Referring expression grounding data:
►

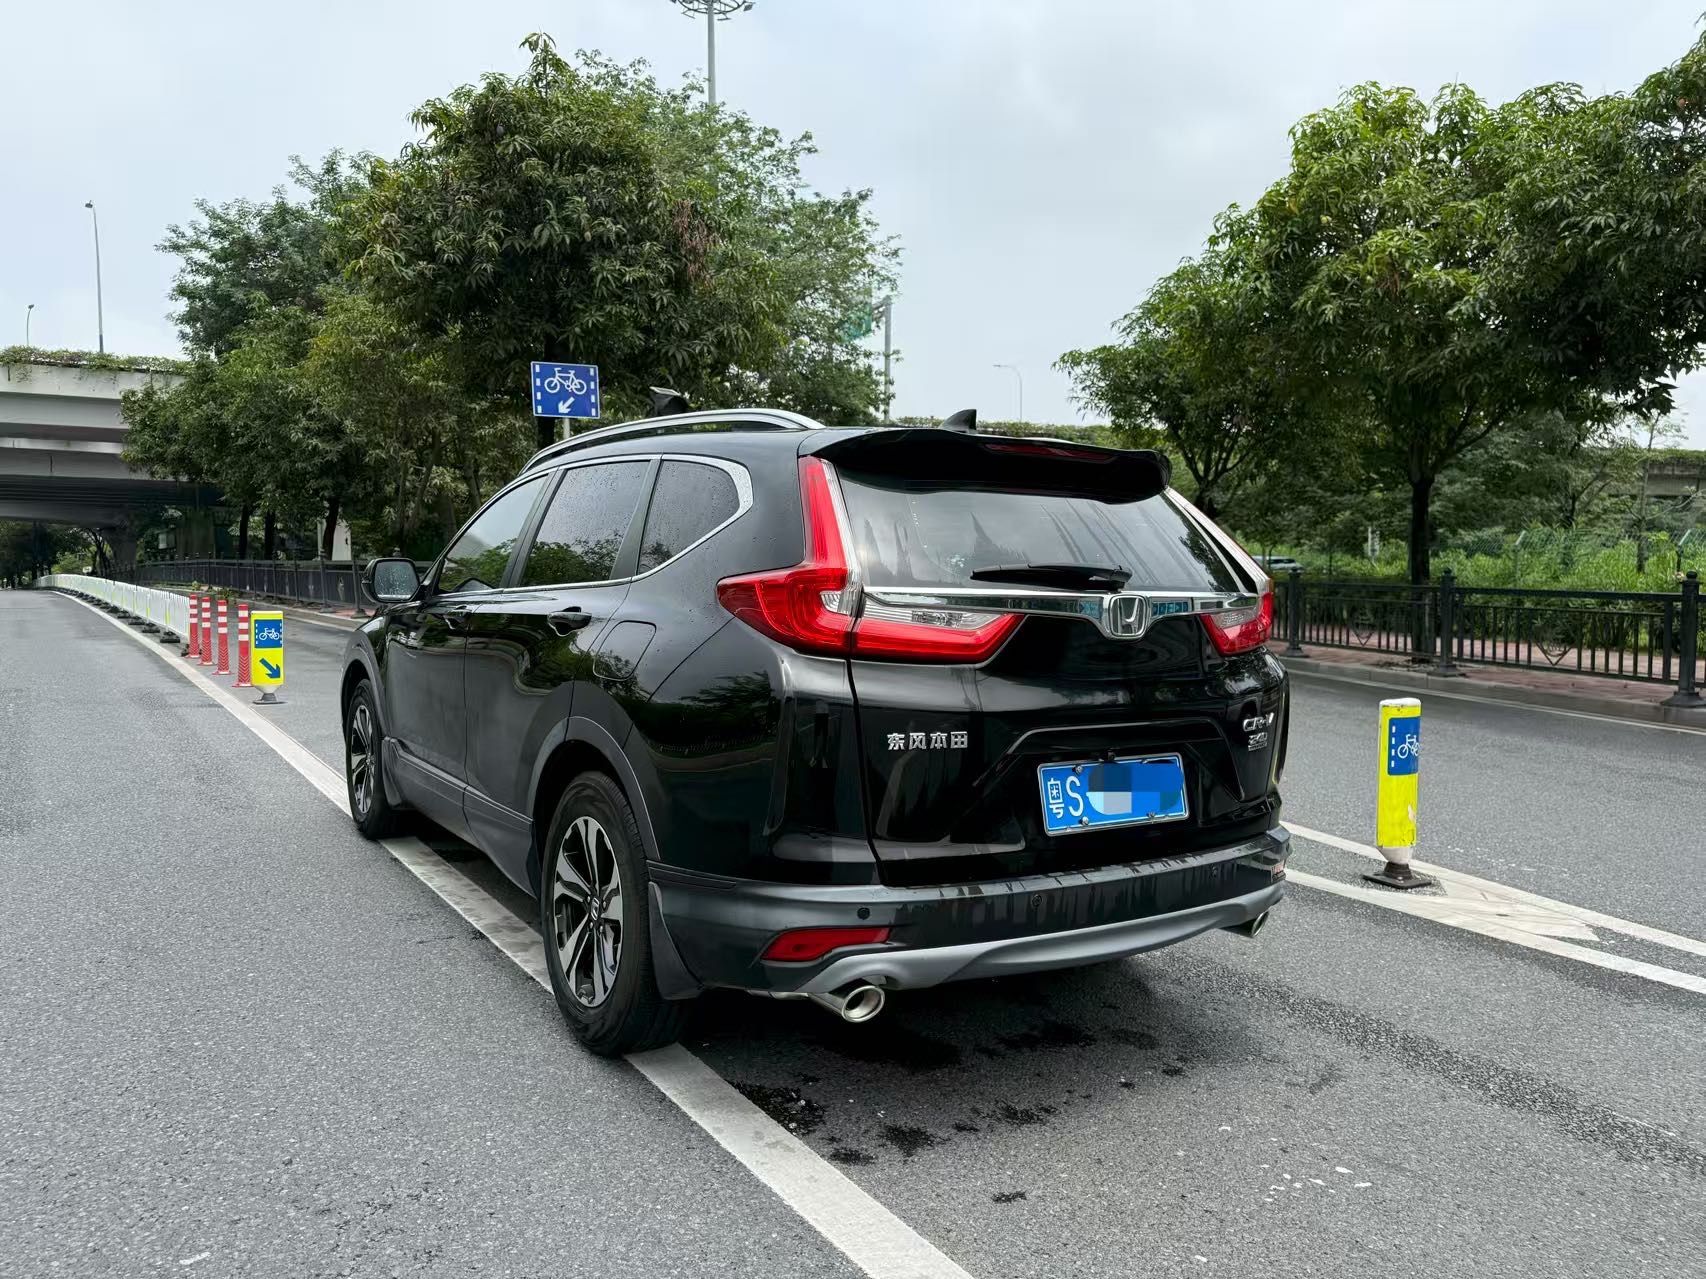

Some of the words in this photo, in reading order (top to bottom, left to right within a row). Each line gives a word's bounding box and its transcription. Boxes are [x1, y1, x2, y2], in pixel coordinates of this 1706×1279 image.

[1243, 712, 1275, 732] CR-V
[887, 731, 968, 751] 东风本田
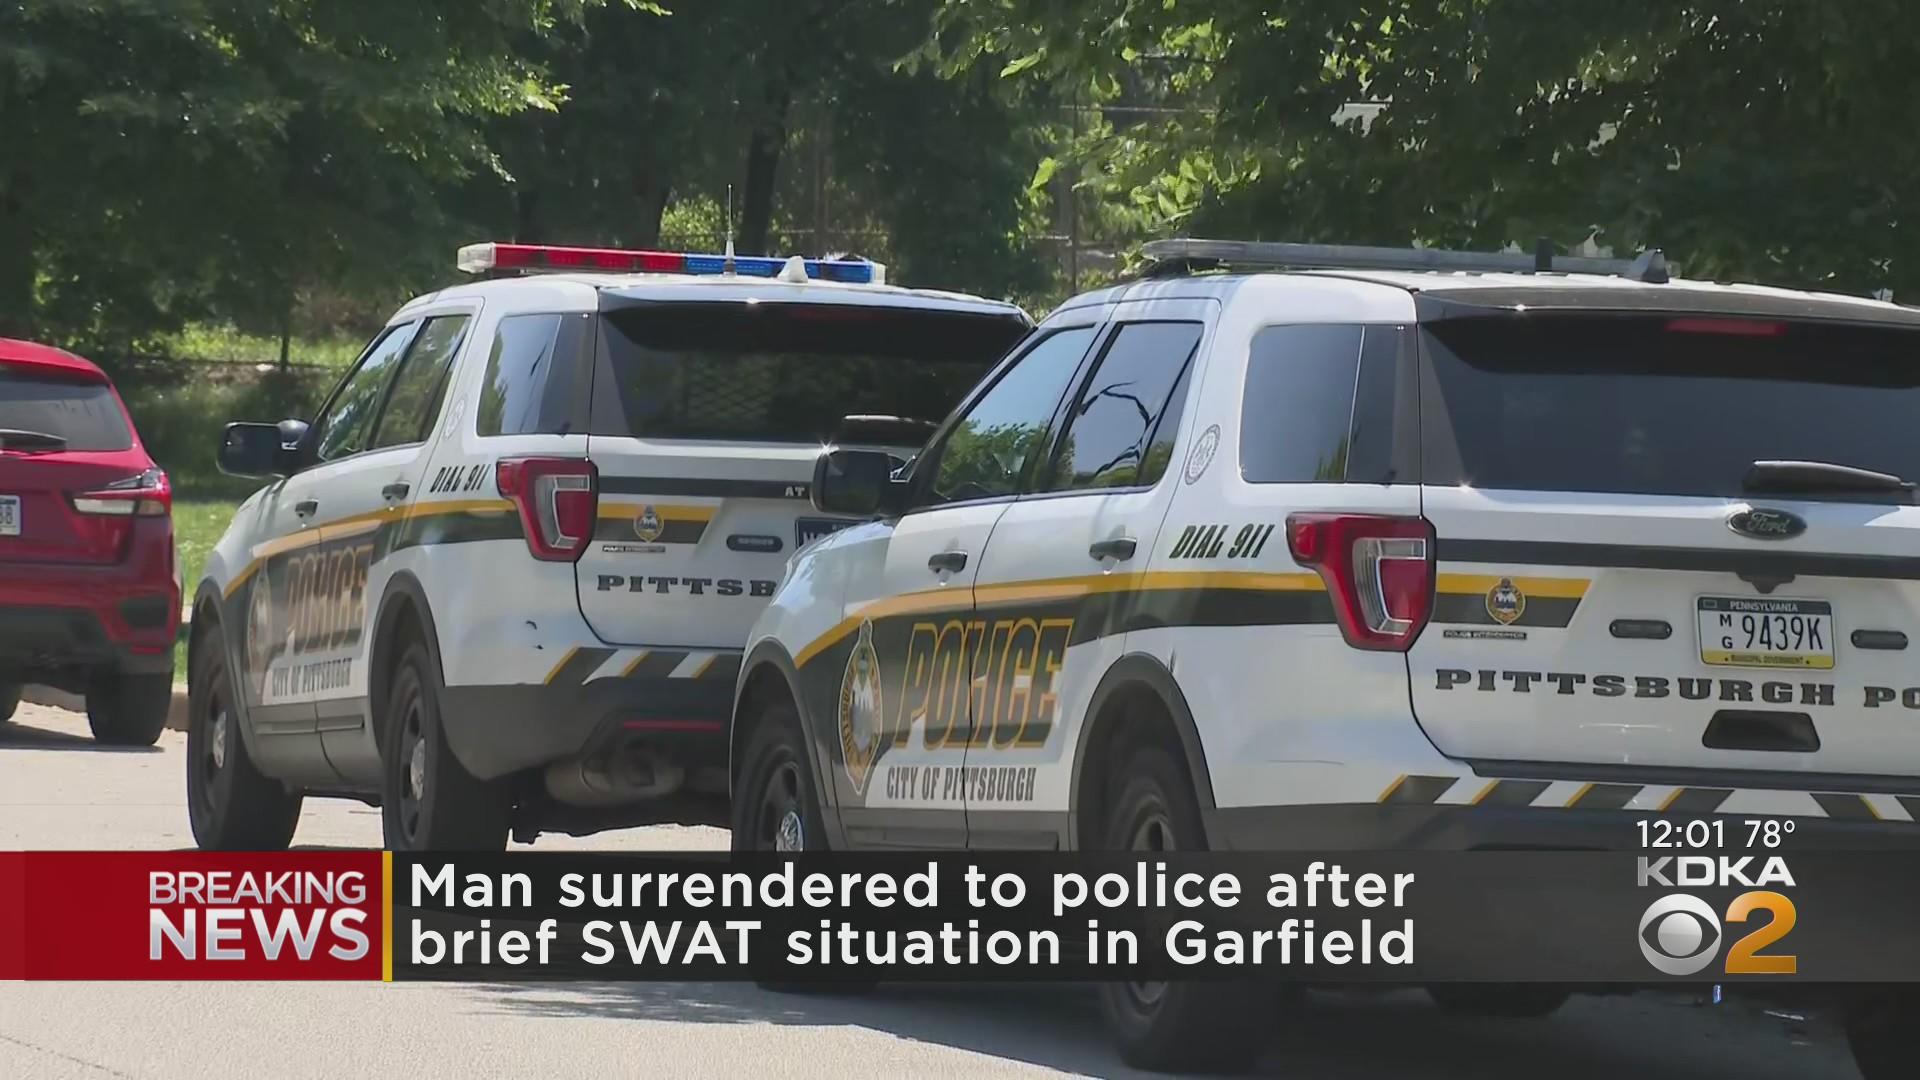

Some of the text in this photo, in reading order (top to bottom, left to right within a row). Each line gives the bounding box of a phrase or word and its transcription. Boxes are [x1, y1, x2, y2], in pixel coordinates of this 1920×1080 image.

[430, 463, 491, 493] DIAL 911
[1747, 511, 1791, 534] Ford
[1169, 523, 1276, 559] DIAL 911
[286, 544, 375, 656] POLICE
[1729, 600, 1799, 613] PENNSYLVANIA
[1742, 615, 1824, 651] 9439K
[894, 617, 1075, 750] POLICE
[1434, 668, 1836, 707] PITTSBURGH
[886, 766, 1037, 802] CITY OF PITTSBURGH
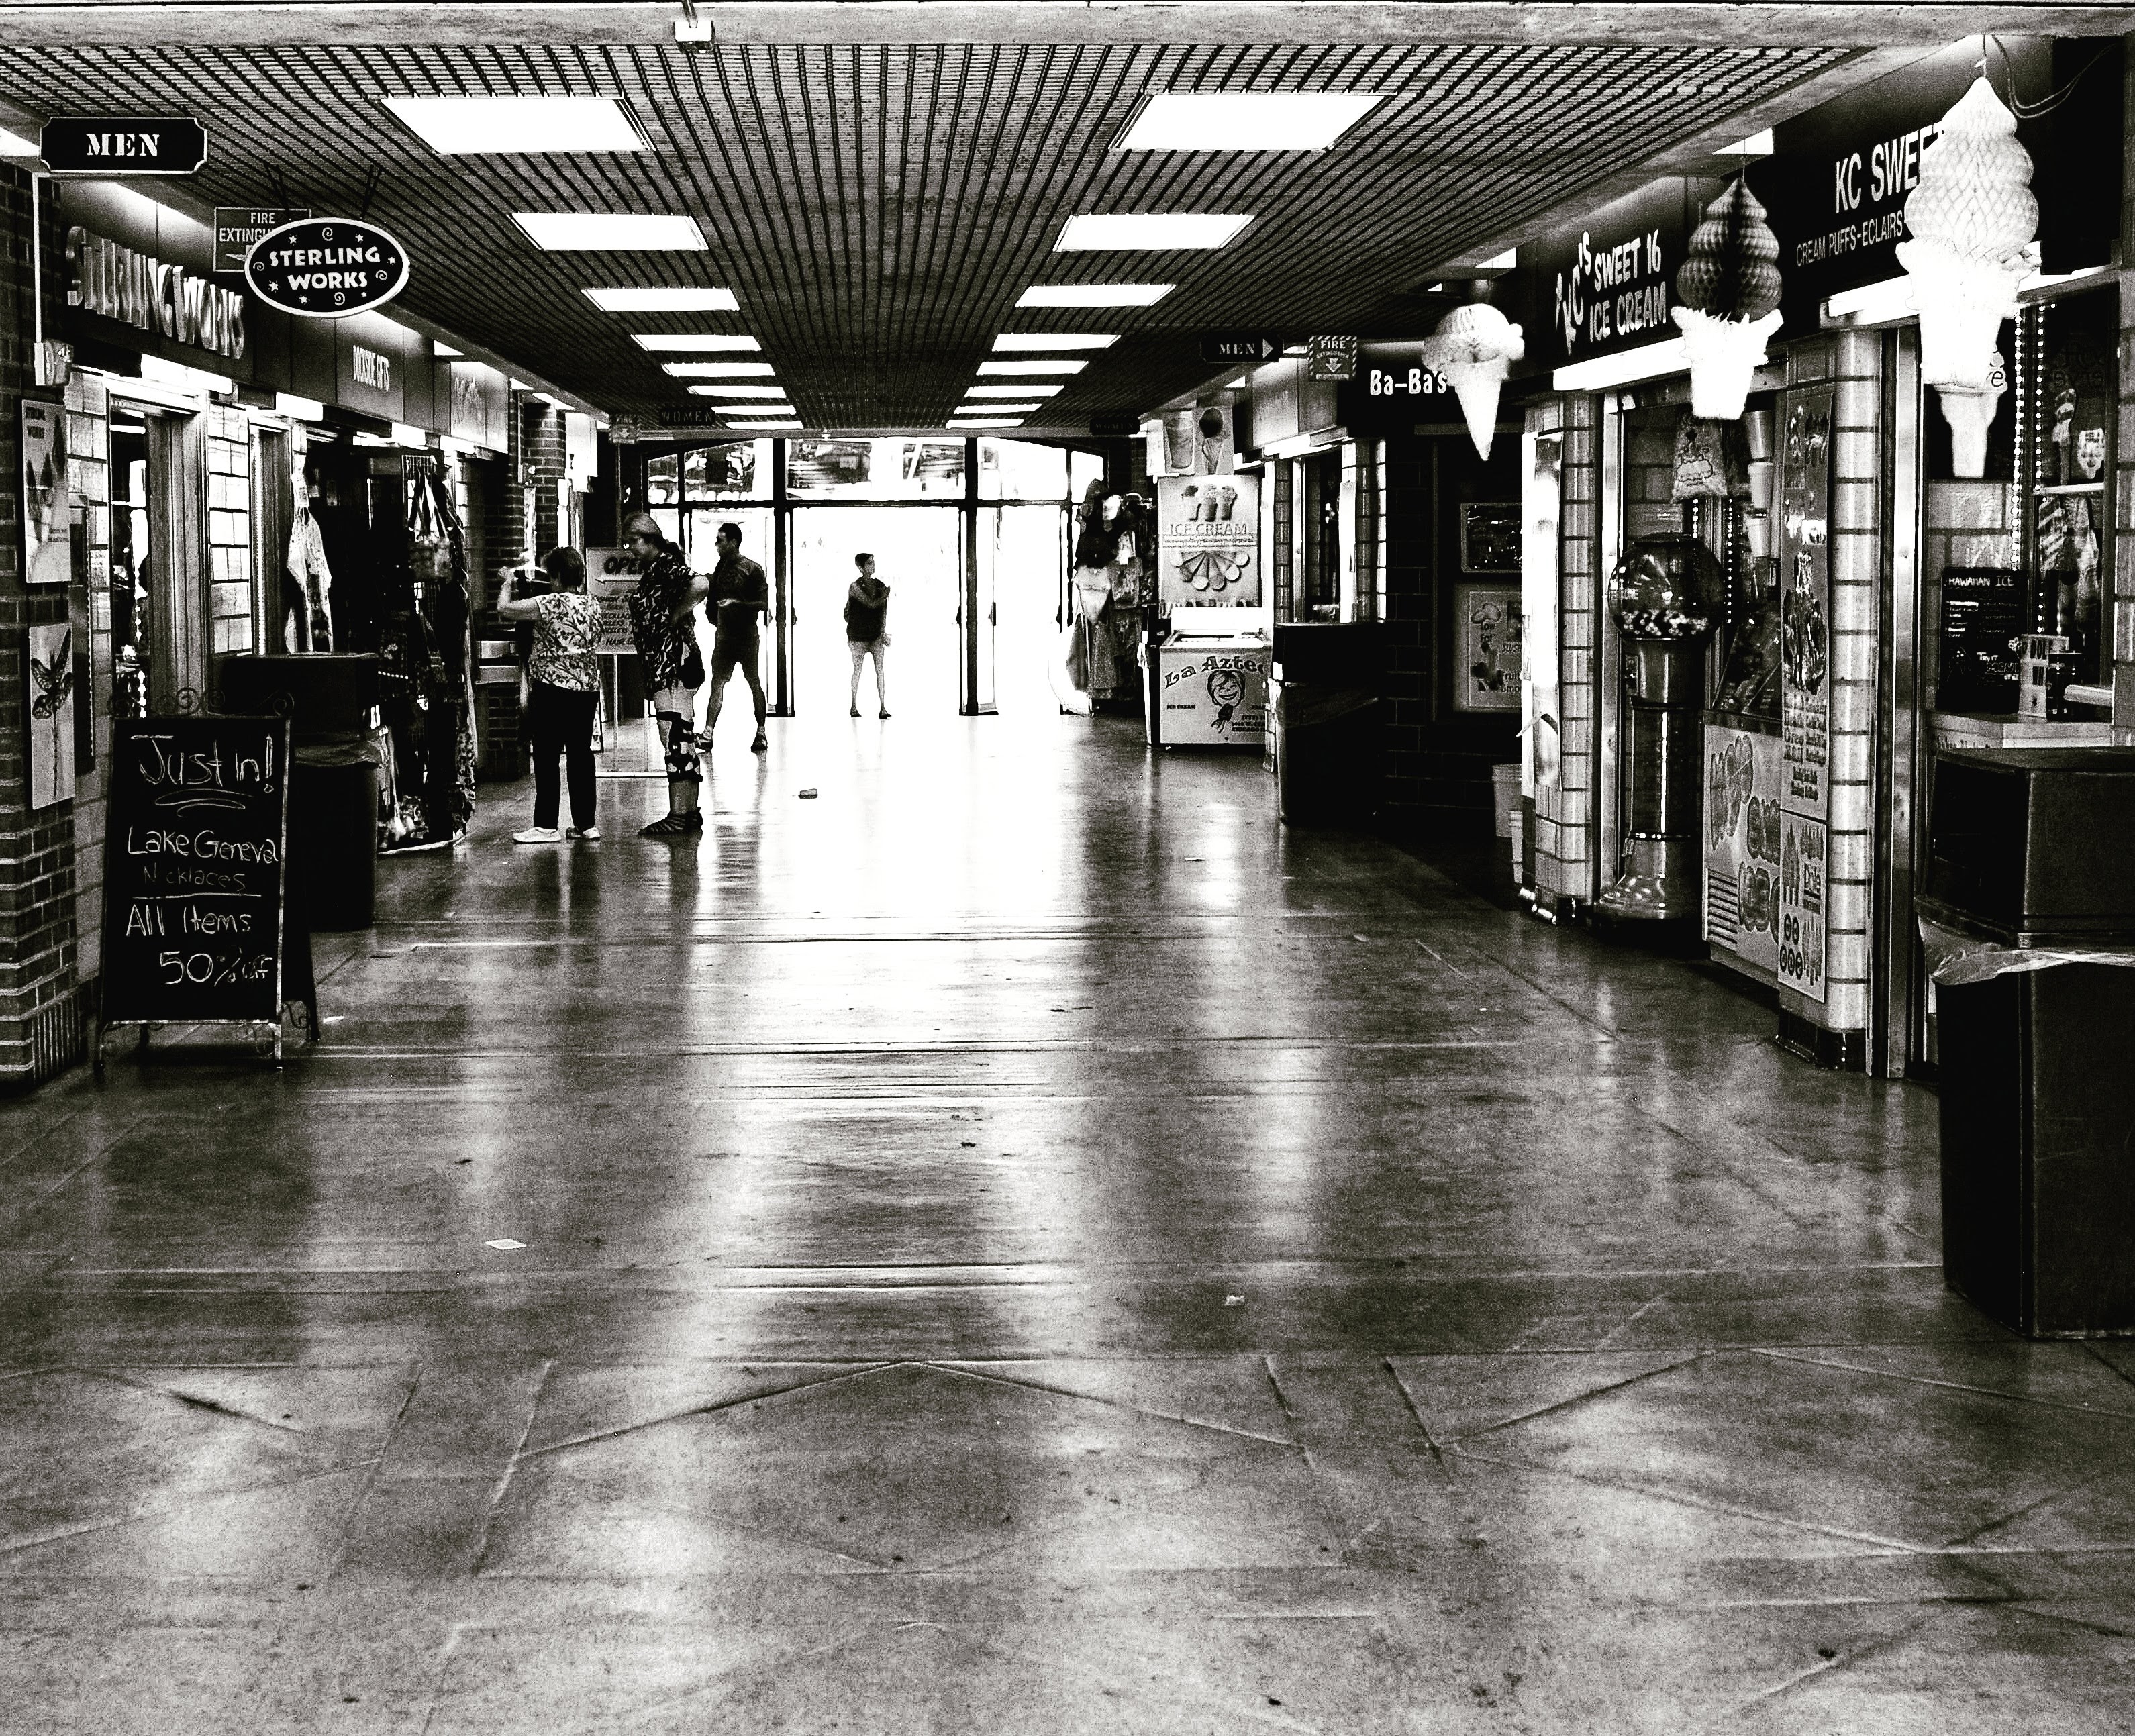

◄

Quote, word for word and nothing more, every line from the line with "Some of the text" to the end of the entries, including both ends; skip any pictures.

Some of the text in this photo, in reading order (top to bottom, left to right within a row). Each line gives the bounding box of a phrase or word and its transcription. Boxes are [x1, y1, x2, y2], in pixel coordinates of this 1920×1080 image.

[430, 463, 491, 493] DIAL 911
[1747, 511, 1791, 534] Ford
[1169, 523, 1276, 559] DIAL 911
[286, 544, 375, 656] POLICE
[1729, 600, 1799, 613] PENNSYLVANIA
[1742, 615, 1824, 651] 9439K
[894, 617, 1075, 750] POLICE
[1434, 668, 1836, 707] PITTSBURGH
[886, 766, 1037, 802] CITY OF PITTSBURGH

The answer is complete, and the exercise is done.